--- Given data ---

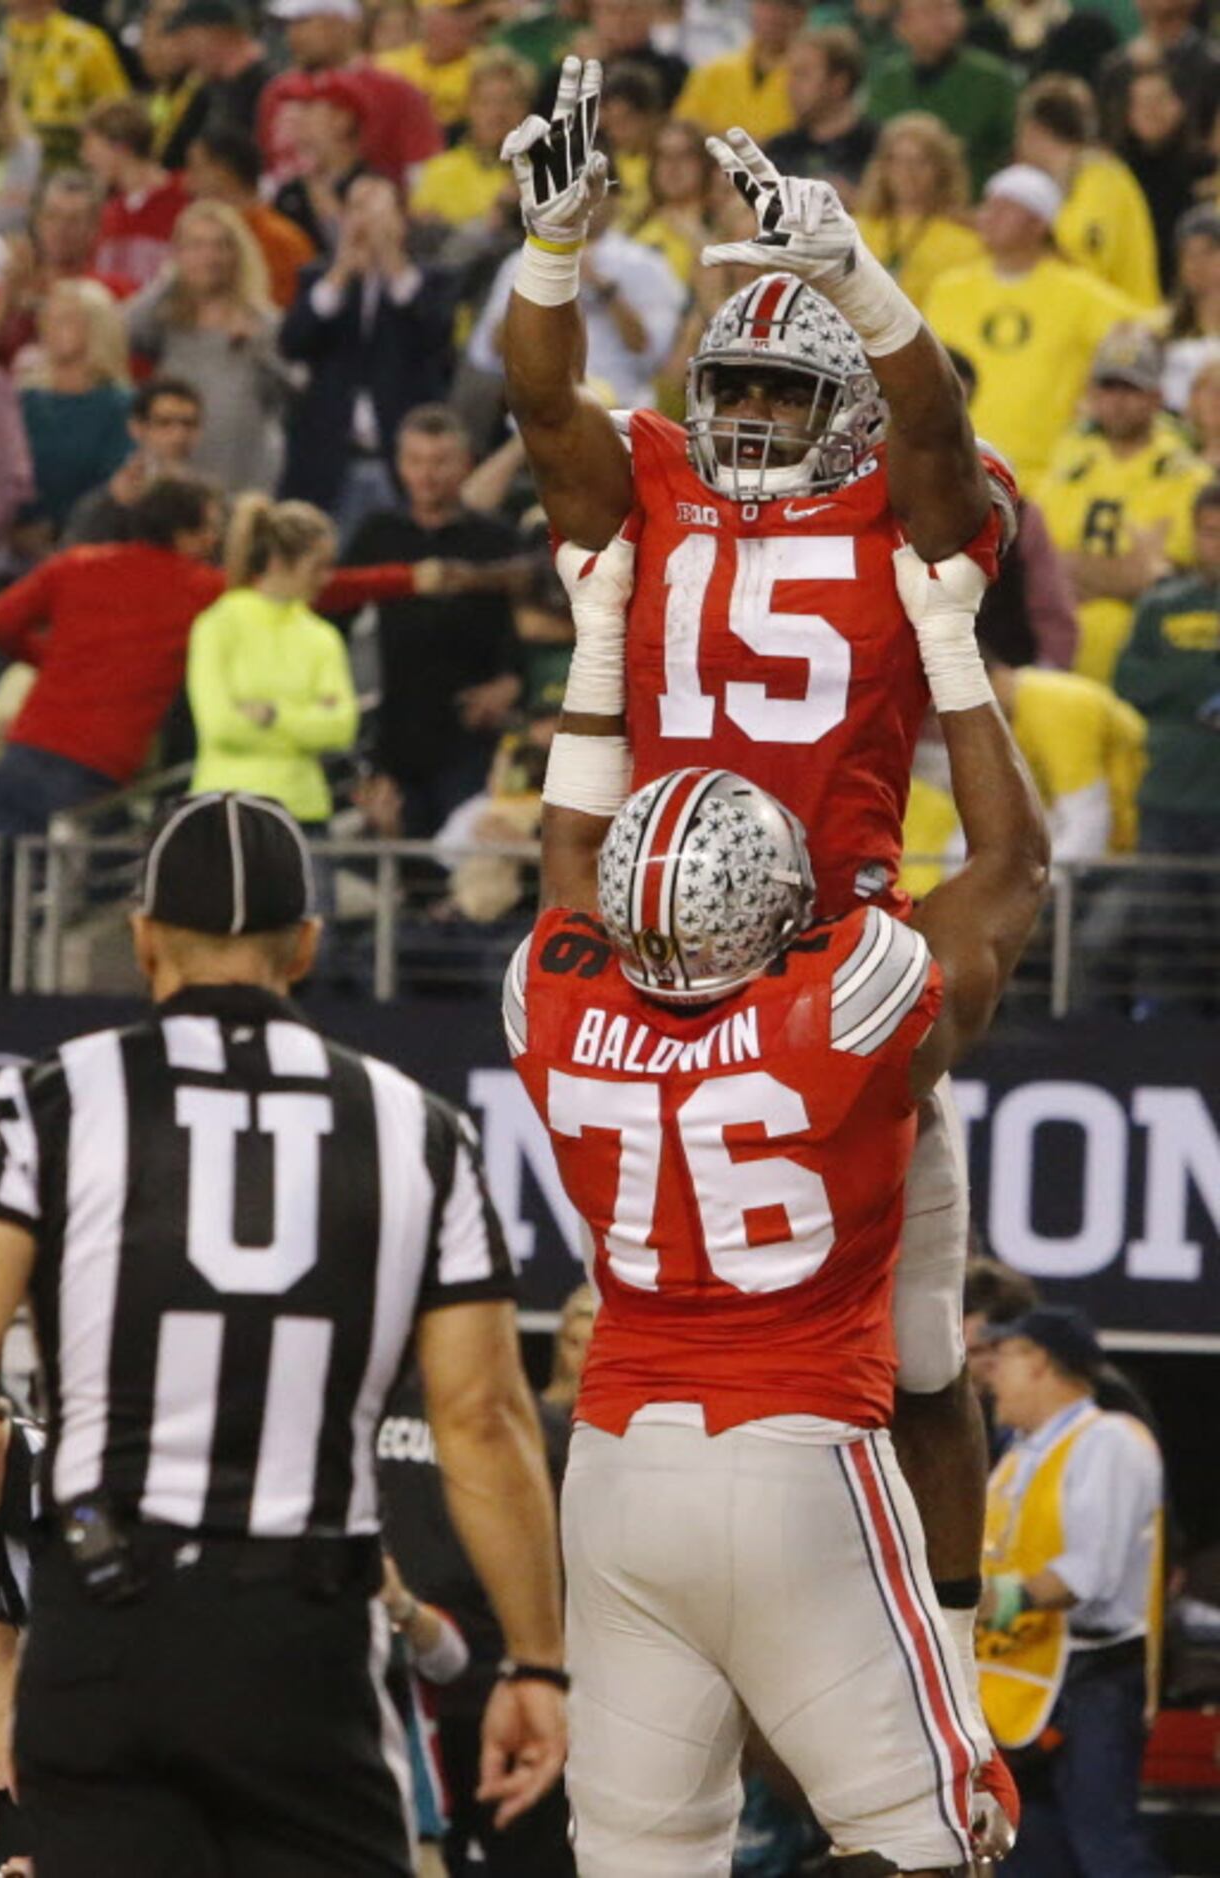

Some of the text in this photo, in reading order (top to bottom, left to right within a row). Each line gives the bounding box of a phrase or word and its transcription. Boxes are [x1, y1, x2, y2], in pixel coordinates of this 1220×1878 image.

[658, 533, 857, 744] 15
[572, 1006, 761, 1074] BALDWIN
[175, 1086, 334, 1294] U
[547, 1067, 837, 1295] 76
[378, 1415, 436, 1464] ECU
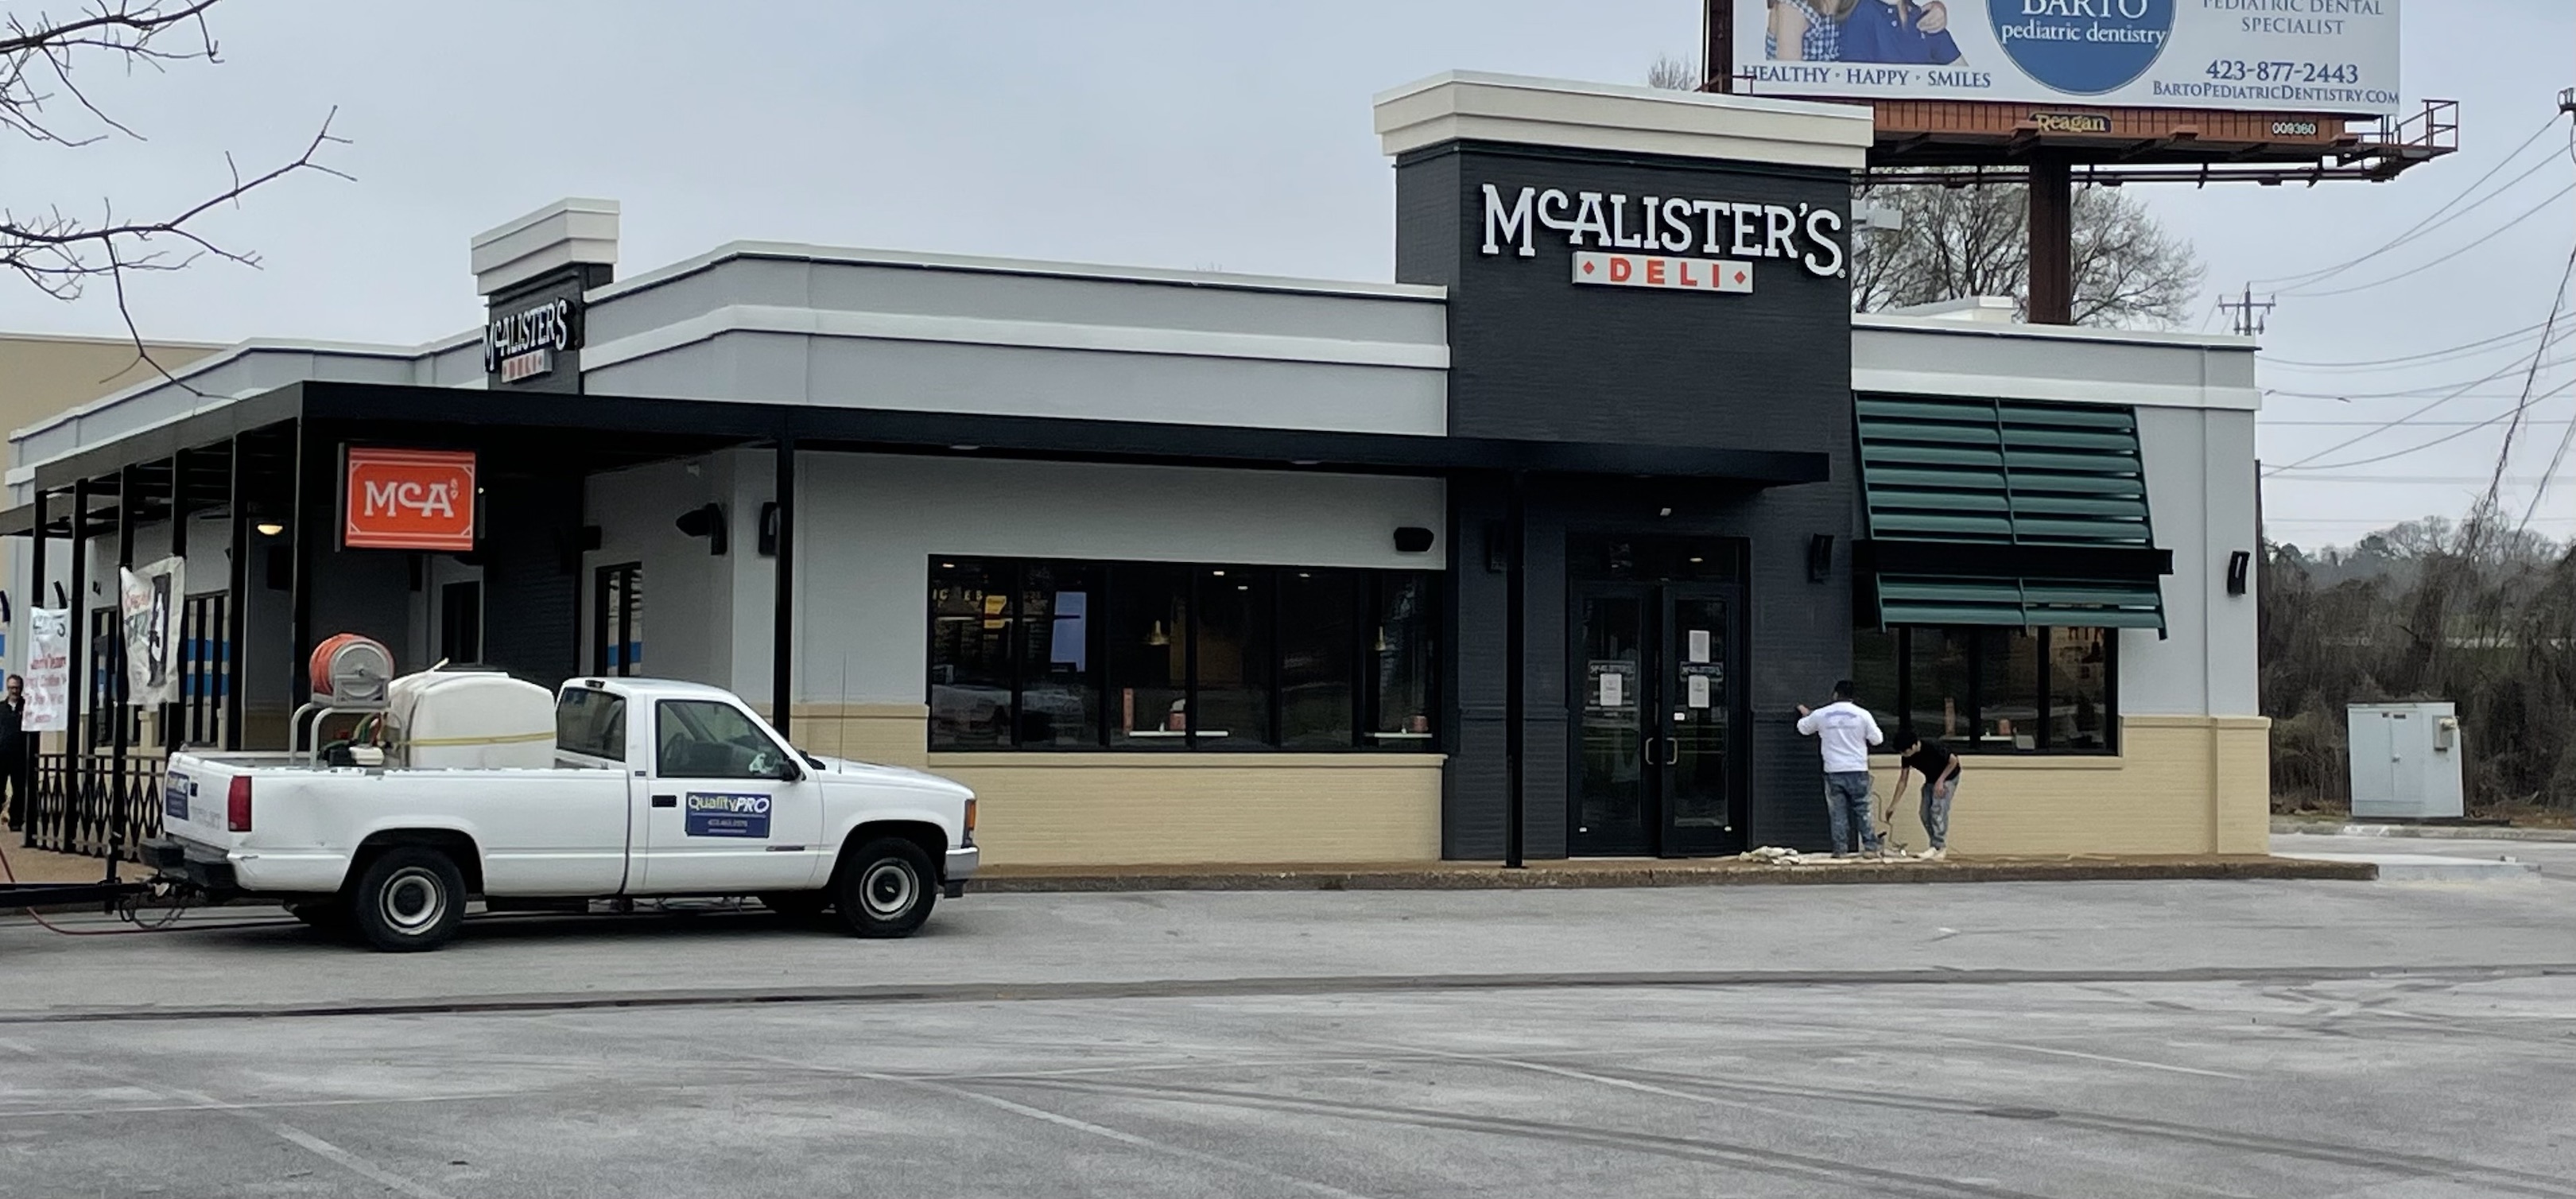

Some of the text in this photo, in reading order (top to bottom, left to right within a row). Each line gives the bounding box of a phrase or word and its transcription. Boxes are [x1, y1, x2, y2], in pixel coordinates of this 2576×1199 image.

[2309, 0, 2385, 14] DENTAL
[2000, 18, 2167, 49] pediatric dentistry
[2241, 17, 2346, 34] SPECIALIST
[1742, 65, 1992, 88] HEALTHY HAPPY SMILES
[2206, 60, 2359, 83] 423-877-2443
[2035, 114, 2106, 133] Reagan
[1610, 257, 1721, 289] DELI

---

_What to do_: Please give back only the lines starting with the one that contains "this 2576×1199 image." and ending with the last line of the listing, retyped exactly.

_Written answer_:
Some of the text in this photo, in reading order (top to bottom, left to right within a row). Each line gives the bounding box of a phrase or word and its transcription. Boxes are [x1, y1, x2, y2], in pixel coordinates of this 2576×1199 image.

[2309, 0, 2385, 14] DENTAL
[2000, 18, 2167, 49] pediatric dentistry
[2241, 17, 2346, 34] SPECIALIST
[1742, 65, 1992, 88] HEALTHY HAPPY SMILES
[2206, 60, 2359, 83] 423-877-2443
[2035, 114, 2106, 133] Reagan
[1610, 257, 1721, 289] DELI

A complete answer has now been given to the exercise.